69. Des douleurs qui se déplacent d'un endroit à un autre et me limitent pour avoir une vie
complètement normale. Migraine, maux de tête, douleurs dans le visage, rhume, sinusite, mal de gorge, maux de ventre, douleurs dans le cou, douleurs anormales à l'effort,
réaction inadaptée à l'effort, douleurs musculaires diverses.
70. Une prison de douleur, perte de sa dignité et de sa qualité de vie, obligation d'expliquer la maladie par incompréhension de l'entourage et du corps médical, perte de travail et autonomie financière.
71. L'arrêt de ma vie professionnelle, de ma vie sociale, de mes loisirs et le commencement de l'enfer sur terre.

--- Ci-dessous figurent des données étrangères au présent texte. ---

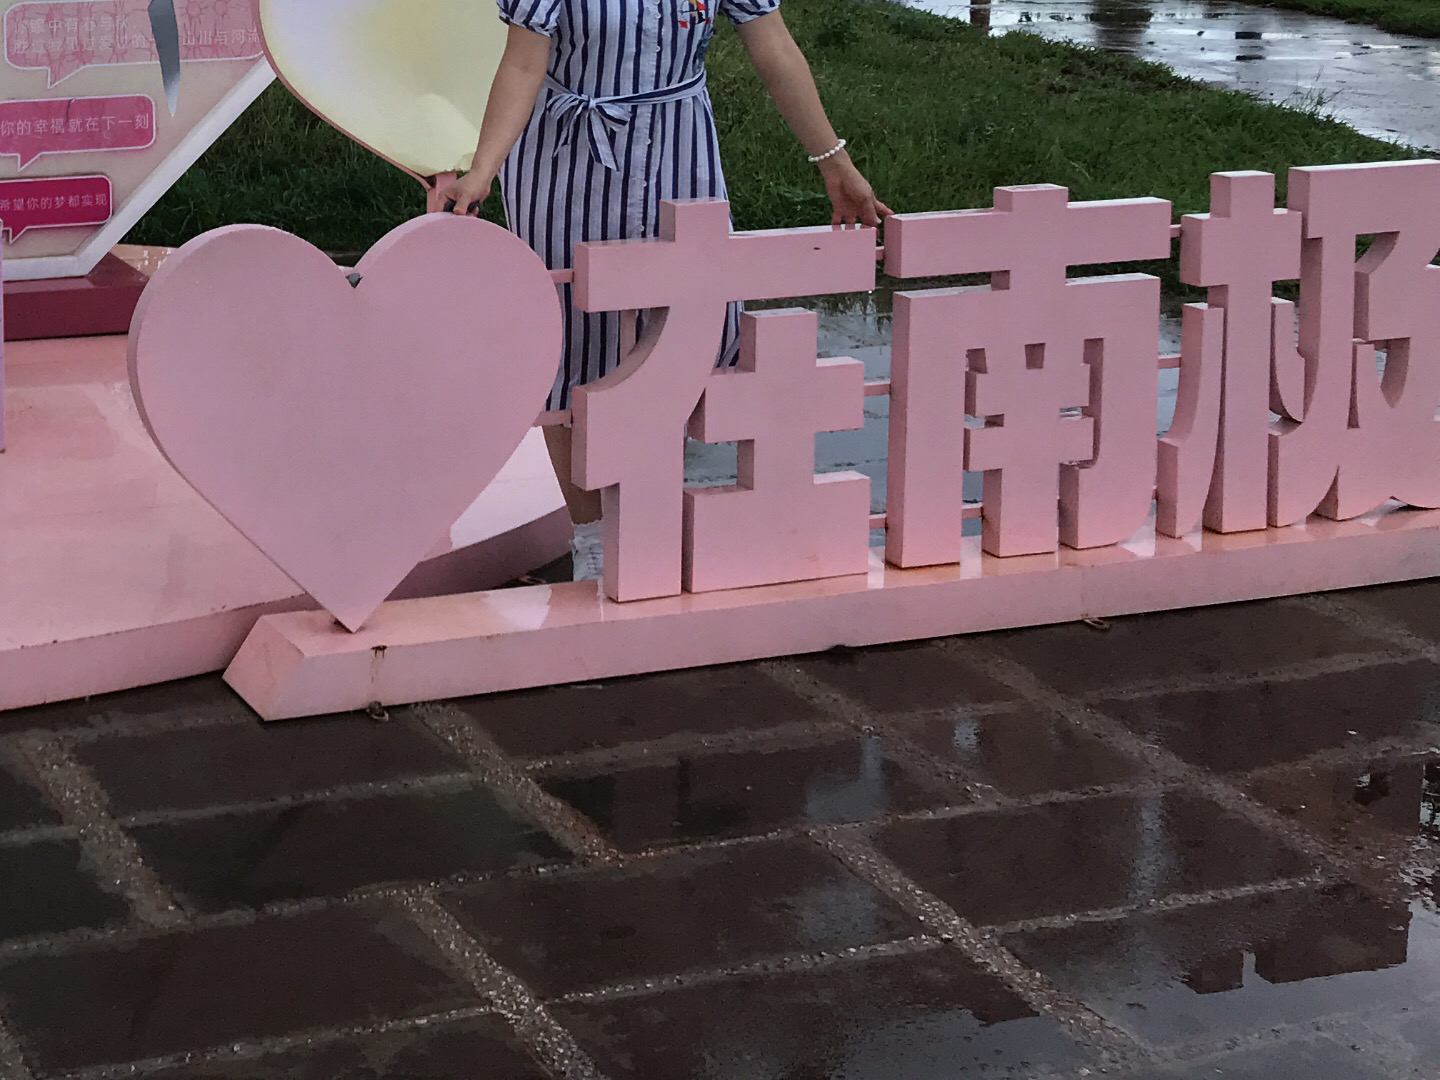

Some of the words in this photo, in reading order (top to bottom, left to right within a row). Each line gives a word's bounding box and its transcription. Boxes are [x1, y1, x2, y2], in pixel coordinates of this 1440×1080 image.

[0, 113, 150, 137] 你的幸福就在下一刻
[0, 193, 107, 211] 希望你的梦都实现
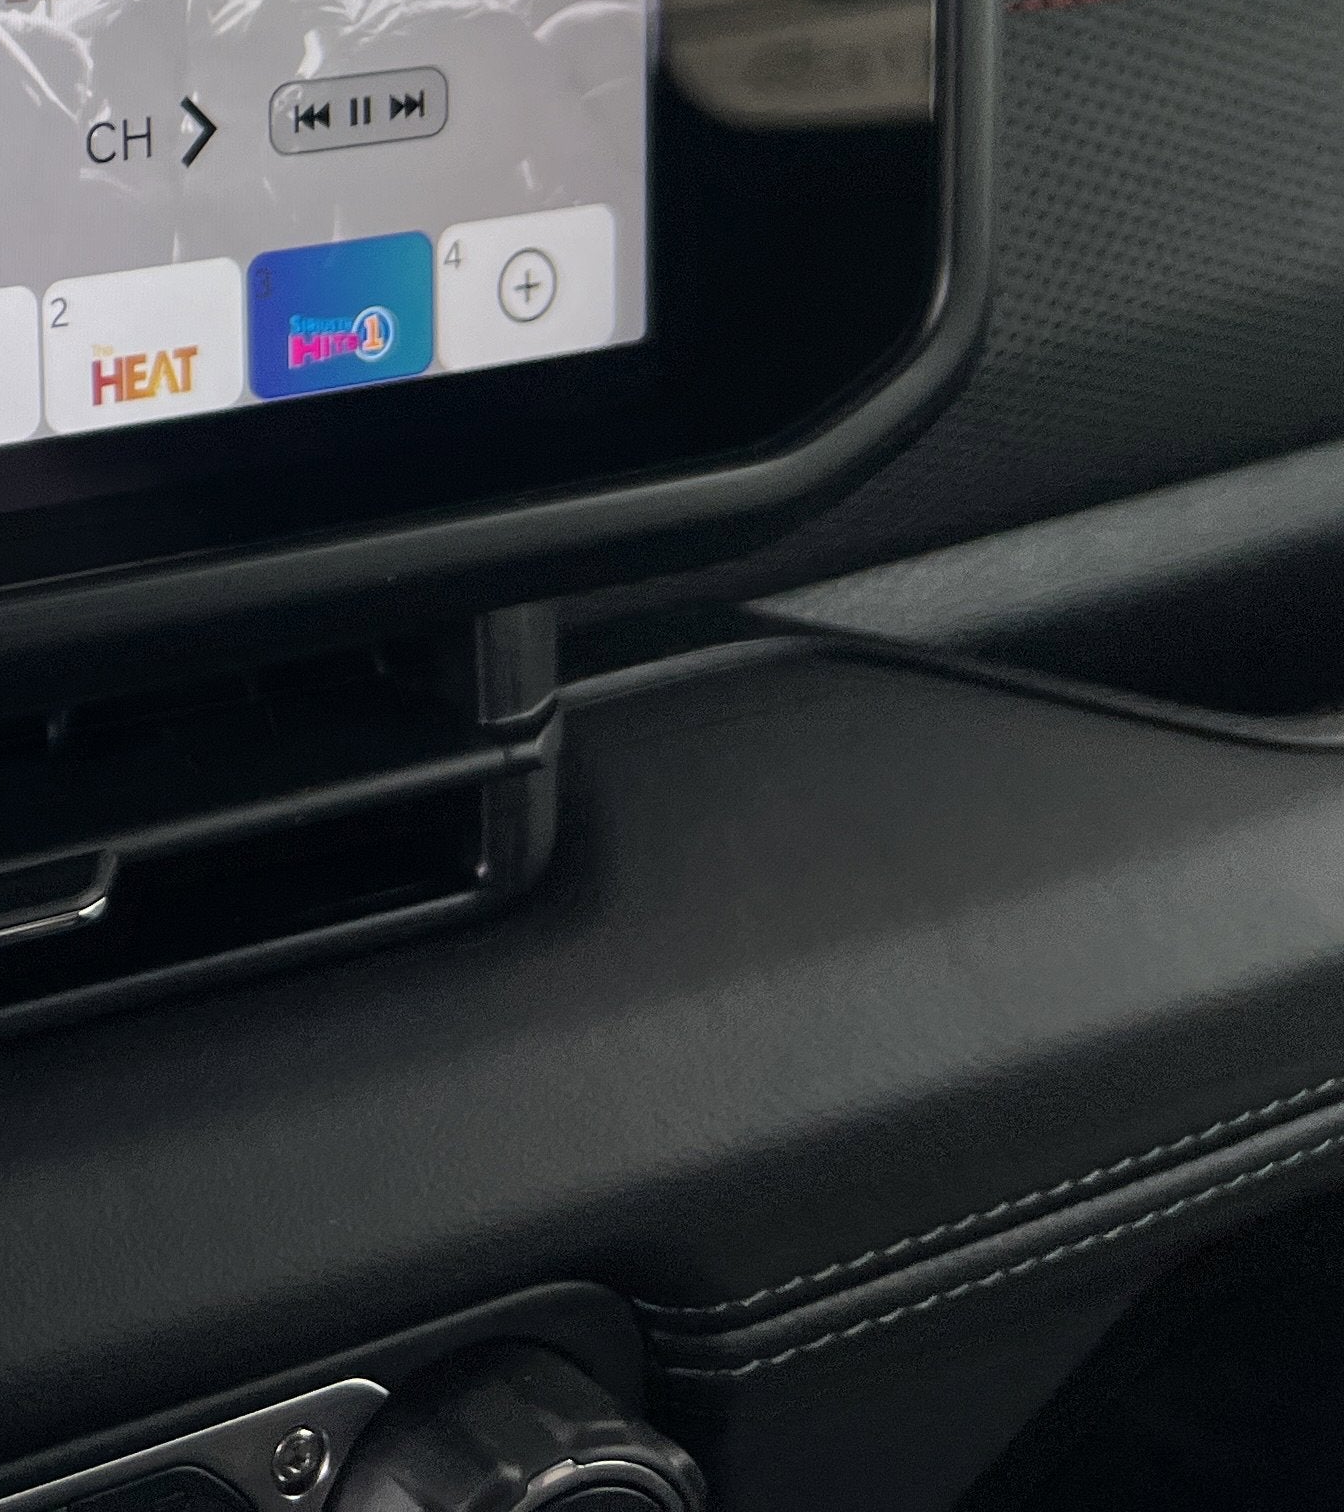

72. L'anormalité face aux autres, on ne peut rien faire comme une personne normale c'est
donc frustrant culpabilisant, personne ne nous comprend comme si ce n'était pas une
maladie mais moi je me sens anormal, perte de toutes mes capacités et c'est usant physiquement, moralement, et dans son cœur, la fatigue est permanente, la douleur aussi
mais au bout de 20 ans j'ai toujours l'impression d'être passé sous un camion mais la
force de supporter la douleur laisse à supporter de souffrir au quotidien donc en gros il
n'y a pas de vie comment vivre normalement avec cette pathologie, et bien désolée
mais c'est impossible surtout quand on a tous les symptômes inimaginables que je
n'aurai jamais cru qu'il puisse exister tous les ans un symptôme s'enchaine à un autre
alors où mettre de la tête ? Que penser ? Qui va nous libérer ? Même pas la kiné en
méthode douce fonctionne sur moi à moins de passer 1 h par jour à me malaxer le plus
fort possible c'est le seul moyen pour diminuer la douleur, bon je termine en disant que
je ne suis pas comme les autres comme si j'étais un extra-terrestre un alien mais pas un
être humain normal qui fait les choses quotidiennes dans une journée dans la vie de
tous les jours, je ne suis rien. Je voulais préciser qu'aucun kiné ne m'a fait des massages adéquates donc c'est mon mari qui me masse dire plutôt malaxer appuyer très
fort.
73. Un syndrome douleur et fatigue m’empêchant d'avoir une activité professionnelle
normale, une vie sociale correcte, arrêt activité sportive et loisirs à capacité physique
74. Renoncement à beaucoup de ce que j'aimais pratiquer. Douleurs au quotidien. Vulnérabilité : blessures ligaments, muscles... Epuisement sans amélioration.
75. Maladie invisible
76. De la très grande difficulté à mener une vie « normale » perte d'autonomie, réduction
des plaisirs de la vie: randonnées, promenades, vélo, courses, s'occuper de ses petits
enfants...travailler. Une importante mobilisation d'énergie pour continuer à essayer de
partager ces moments avec l'entourage.
64
Annexe n° 20 (5/10) :
77. La fibromyalgie c’est une très forte douleur et permanente et fatigue intense. Mais la
fibromyalgie c’est aussi l’incompréhension par l’entourage, les difficultés pour la famille et le couple à vivre cette maladie au quotidien qui ne se voit pas c’est qu’on le
veuille ou non et quoi qu’en disent les médecins une coupure avec la société à chacun
de faire son trou pour avoir une vie sociale pour arriver à tout cela il faut d’abord un
travail sur soit pour apprendre à accepter la maladie puis vivre avec sans se soucier de
ce que pense l’entourage et surtout faire le maximum pour préserver la vie de famille
et les amis qui n’ont pas fuit et tout ça ce n’est pas facile il m’a bien fallu 4 ans pour
arriver à cela restent les problèmes de couples à finir de gérer et ce n’est pas simple
quand on souffre tout le temps.
78. Partager ma vie avec les douleurs et la fatigue, devoir faire le deuil de ma vie antérieure et de devoir apprendre à vivre avec la fibromyalgie, une perte de mon autonomie.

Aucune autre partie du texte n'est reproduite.